Ambos eran muy espontáneos. Mi padre, en cambio, habría preferido la muerte a abrazarme, igual que yo. John Sive despertó mis simpatías de inmediato y muy pronto se convirtió en uno de mis pocos amigos de verdad. Se parecía mucho a Billy en la tranquilidad y el candor, pero físicamente el parecido era mínimo. John era más bajo, más moreno y más musculoso; tenía el pelo liso, del color del ébano, y lo llevaba teñido en un vano intento de aferrarse a su juventud, como hacían muchos otros gays.

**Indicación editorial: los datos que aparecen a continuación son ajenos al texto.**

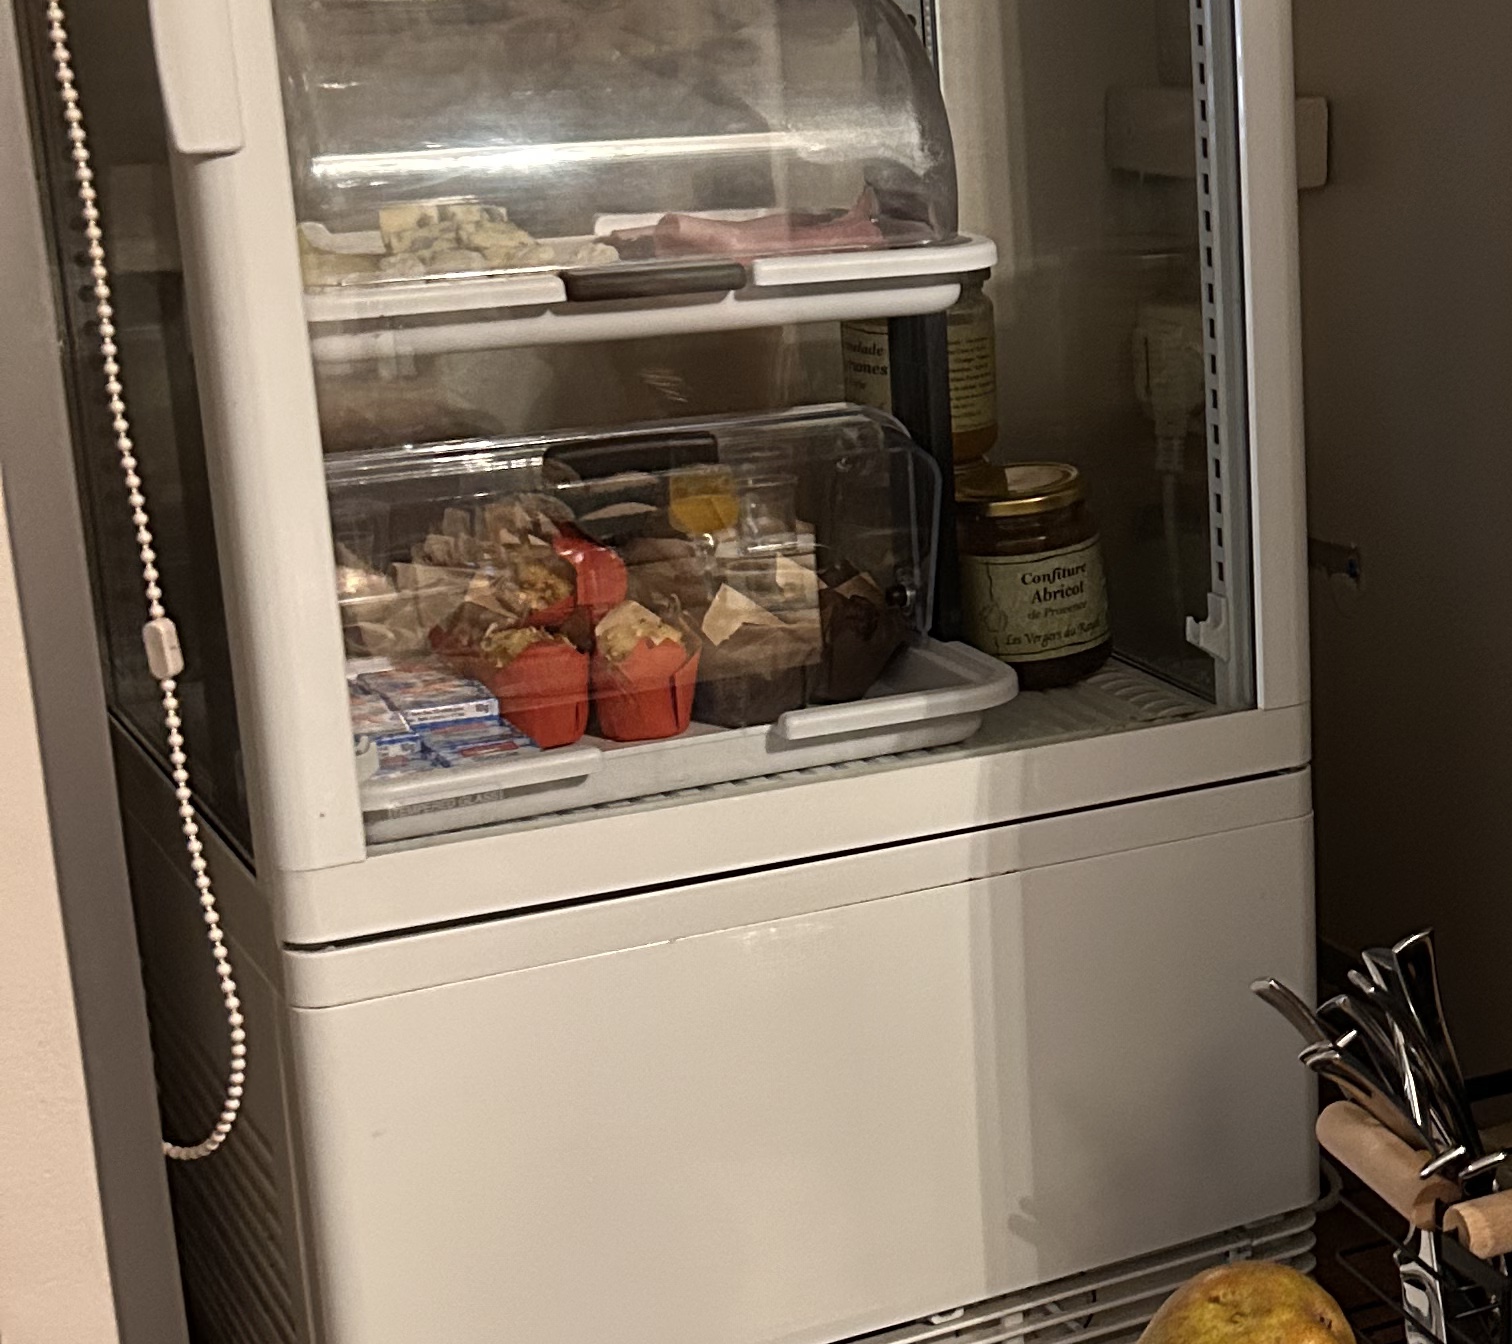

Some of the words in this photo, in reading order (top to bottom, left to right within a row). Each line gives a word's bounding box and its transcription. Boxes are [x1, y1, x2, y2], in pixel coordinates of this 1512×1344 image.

[1020, 563, 1087, 585] Confiture
[1031, 580, 1084, 605] Abricot
[458, 790, 501, 808] GLASS

La mata de rizos castaños de Billy y sus ojos azules debían de ser herencia de la madre, Leida, de quien ninguno de los dos hablaba nunca.

Durante muchos años, John había desempeñado una distinguida carrera como abogado de empresa en San Francisco, sin que nadie sospechara jamás que era gay. Reconoció que había hecho falta mucho esfuerzo y bastante desgaste mental.

—Siempre cabía la posibilidad de que a Frances se le cayera uno de los rellenos durante una fiesta —dijo. Finalmente, cuando Billy ya estaba a salvo en la universidad, decidió que había llegado el momento de salir del armario. Dejó su trabajo y salió adelante gracias a los buenos ingresos que le proporcionaban sus inversiones. Afortunadamente, cuando la bolsa sube o baja no tiene en cuenta las preferencias sexuales de los inversores. John se convirtió en abogado de los derechos civiles y ahora, a sus 51 años, había puesto su larga experiencia y su habilidad al servicio de la comunidad gay.

Joe y Marian Prescott invitaron a John a quedarse en su casa durante un par de días y cenamos todos juntos el día de Navidad Fue una noche maravillosa: el aroma del pavo, el árbol de Navidad, las nueces que partíamos junto a la enorme chimenea Me sirvió para darme cuenta, de nuevo, de que no tenía un hogar y de lo mucho que deseaba sentir que tenia una familia Nos apiñamos alrededor de la mesa, adornada con velas, y charlamos agradablemente. Billy estaba muy callado y apenas dijo nada: se limitó a masticar distraídamente la ensalada especial que le había preparado Marian.

El campus estaba vacío y el tiempo se había vuelto intensamente frío. Casi todo el mundo había emigrado para reunirse con la familia. Vince y Jacques se habían ido a sus casas y tenían pensado contar a sus familias que eran gay. Cada mañana, John se levantaba temprano para ver cómo entrenaba Billy. Se sentaba, solitario, en las gradas, temblando dentro de su abrigo de Cardin, y no apartaba la mirada de Billy mientras el chico corría una vuelta tras otra a un ritmo de 57 segundos.

—Hace falta mucha voluntad, ¿verdad? —me preguntó. Jamás había corrido ni medio metro pero, de forma instintiva, lo comprendió.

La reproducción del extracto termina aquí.